Prezada jornalista Renata Veríssimo,
Sobre a matéria publicada no jornal O Estado de S. Paulo, “Cigarros devem custar 20% mais em dezembro”, publicada terça-feira, 23, no caderno Economia, página B5, gostaria de comentar que a matéria foi bem estruturada, com vários dados afim de sanar as dúvidas do leitor sobre o motivo do aumento do preço do cigarro. Todavia, a matéria ficaria mais interessante caso o enfoque fosse mais direcionado aos próprios fumantes e se essa medida é muito rígida do governo para com os usuários.

A matéria enfocou mais a parte econômica, esquecendo-se do leitor. Acredito que maioria dos leitores não está interessada somente em dados numéricos e sim no que esses números o afetarão.

Rafael Rodrigues Siqueira, estudante do 4º semestre do curso de Comunicação Social – Habilitação em Jornalismo do Centro Universitário Toledo, Araçatuba – SP. Penápolis, 23 de agosto de 2011. rodrigues_siqueira@hotmail.com


Prezado editor-chefe,


Envio essa carta devido à matéria no caderno de esportes falando sobre o assunto de Henrique, atacante do São Paulo Futebol Clube. Parabenizo pela forma que foi escrito o texto, pois explica bem a situação do jogador e o que está acontecendo da parte dele e do time. Lendo o resto do caderno de esportes, fico impressionado com a inteligência de como a noticia é informada de um jeito simples e de fácil entendimento. Tenho esperança que o torcedor são-paulino acompanhe de perto esse problema do atacante teve com seu time, devido à falta de ritmo de jogo. Mais uma vez parabenizo a forma que a noticia foi dada e o jeito de como o jornal conduz a mesma característica de escrever suas matérias. Espero que leia, agradeço.

Atenciosamente,

Bruno Santana




Estimada repórter Juliana Vines,
Sobre a matéria "Um gosto a mais" publicada no caderno Equilíbrio de 23 de agosto, minha opinião é que ela está completa: contém importantes dicas de forma muito descontraída e de fácil entendimento. A sua matéria consegue mostrar para o leitor a importância dos alimentos, sejam eles amargos, ácidos, doces ou salgados, e a presença de um novo gosto que é umami. Isto nos mostra a riqueza que contém os alimentos recusados por muitos. São muito importantes as dicas que a nutricionista nos mostra já que o ser humano necessita de uma boa alimentação, sem excesso ou exagero. É importante ressaltar que poderiam haver dicas de como começar a ter uma boa alimentação na fase adulta e mostrar alguns truques para isto.

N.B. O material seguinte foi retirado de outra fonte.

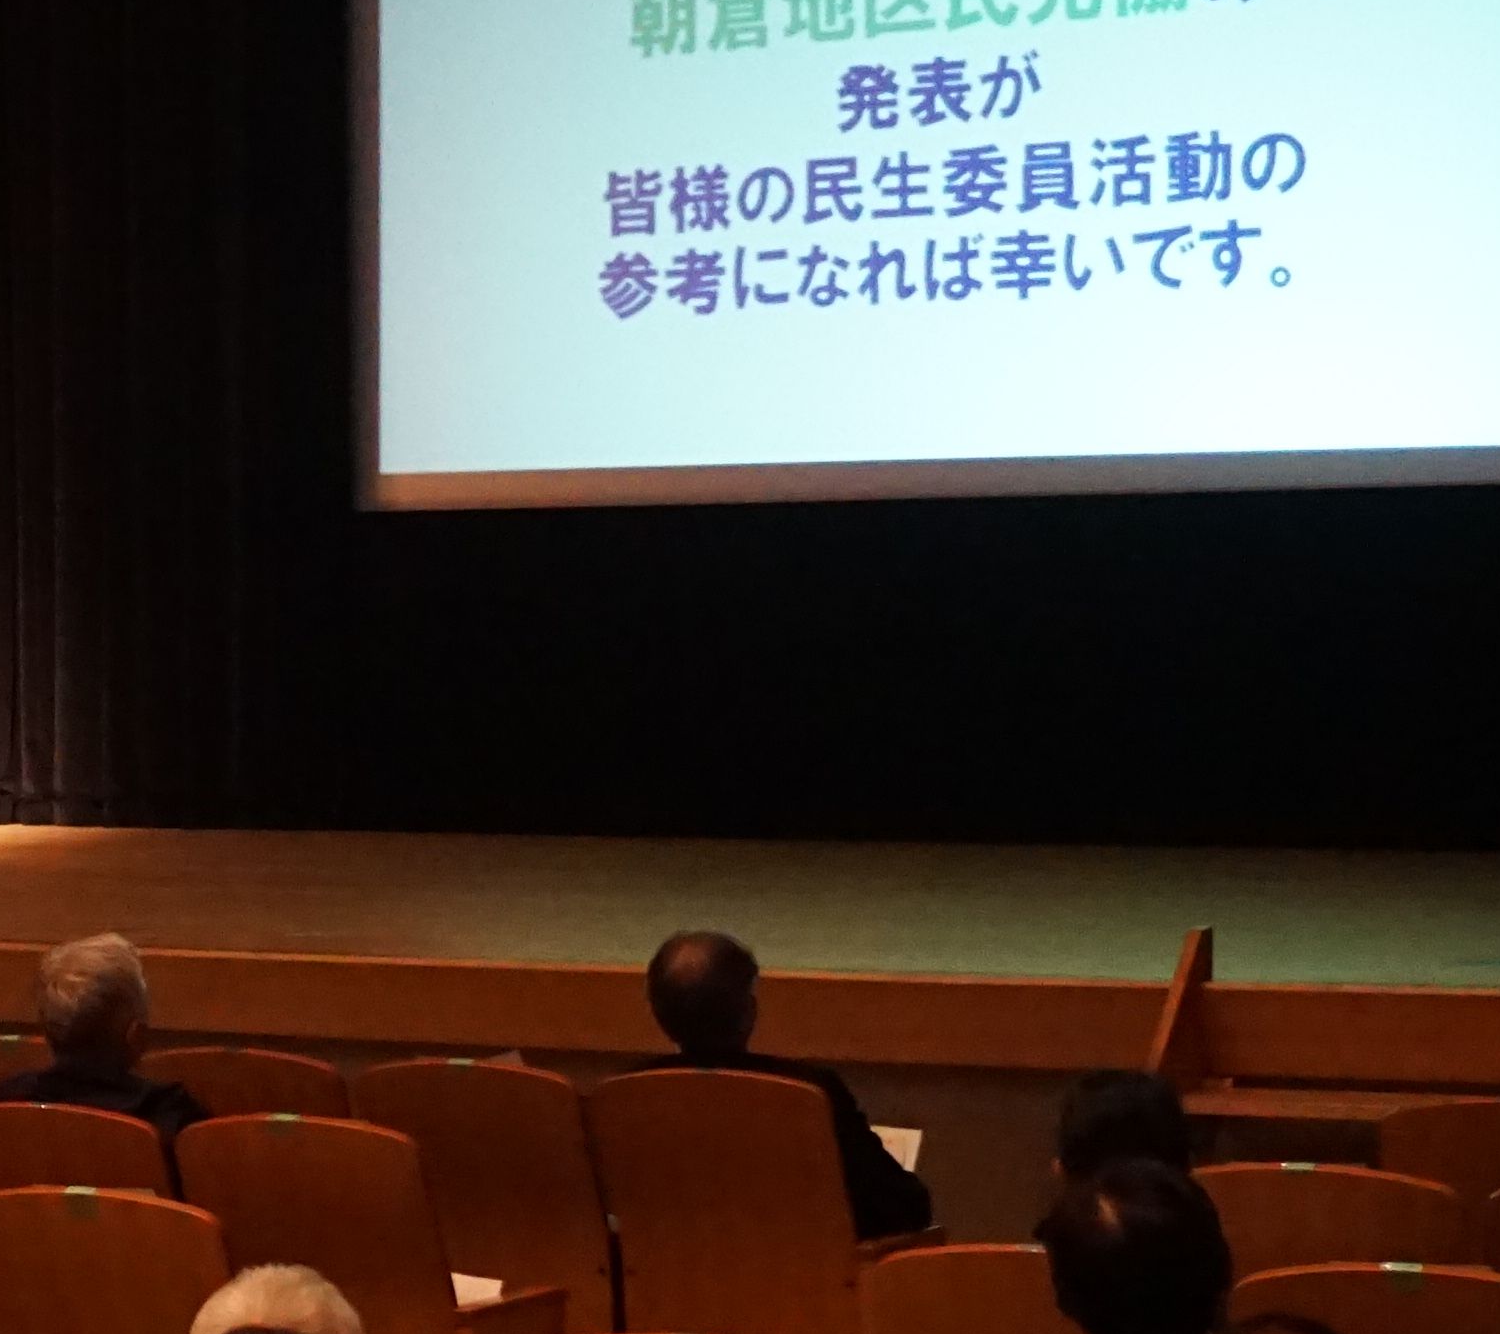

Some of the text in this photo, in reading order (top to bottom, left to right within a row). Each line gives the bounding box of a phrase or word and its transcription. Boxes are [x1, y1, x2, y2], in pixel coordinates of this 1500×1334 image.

[837, 50, 1042, 133] 発表が
[604, 130, 1306, 237] 皆様の民生委員活動の
[599, 219, 1291, 319] 参考になれば幸いです。

Daniele Barbosa Lessi, estudante do 2° ano de jornalismo; Araçatuba SP.




Estimado Sergio Guzzi,
Ao apreciar sua matéria na página A3 do dia 23 de agosto do corrente ano, com o título “Comissão de Justiça terá Cláudio no lugar de Edval”, pude avaliar que o tema da tentativa do municipio de ceder em concessão o departamento de águas e esgoto, o senhor poderia fazer uma matéria com os prós e contras desta concessão, tendo em vista os casos já ocorridos no Estado de São Paulo, assim os leitores poderão ter uma espécie de documentação histórica deste tipo de processo, além do mais poderia o senhor dar voz aos que estão contrários a essa prerrogativa, já que as matérias além desta valorizam a posição dos favoráveis à proposta.


Eric Oliveira Costa e Silva – Estudante de Jornalismo Unitoledo





Sofrer vale a pena?


Quem escolheria fazer algo para o próprio sofrimento? Em texto publicado pela Folha de S. Paulo, no suplemento Equilíbrio (Pág 8), da última terça-feira (23), a psicóloga e autora de “Como Educar Meu Filho”, Rosely Sayão, aborda o grande desafio dos jovens na escolha da carreira profissional. A psicóloga relata que “qualquer curso pode ser feito por qualquer jovem”. “De preferência, um que não imponha a ele sofrimento...” Mas é claro. Que pessoa, em sã consciência, escolheria passar por um martírio psicológico? Escolho fazer um curso porque simplesmente não gosto dele e vou ver até onde vai a minha paciência? No final ela diz que é valioso o amadurecimento de fazer um curso do começo ao fim, com todas as dificuldades. Então eu escolho passar raiva para amadurecer? Isso é uma escolha? Não é possível julgar escolhas como certas ou erradas e o aprendizado é tão pessoal quanto roupa íntima. E outra, será que os pais quando identificam o dissabor do filho com relação à sua escolha profissional vão sentir dó ou conforto em ver o tamanho do julgo que deixou de carregar?

Ariadne Bognar, 20 anos, de Araçatuba.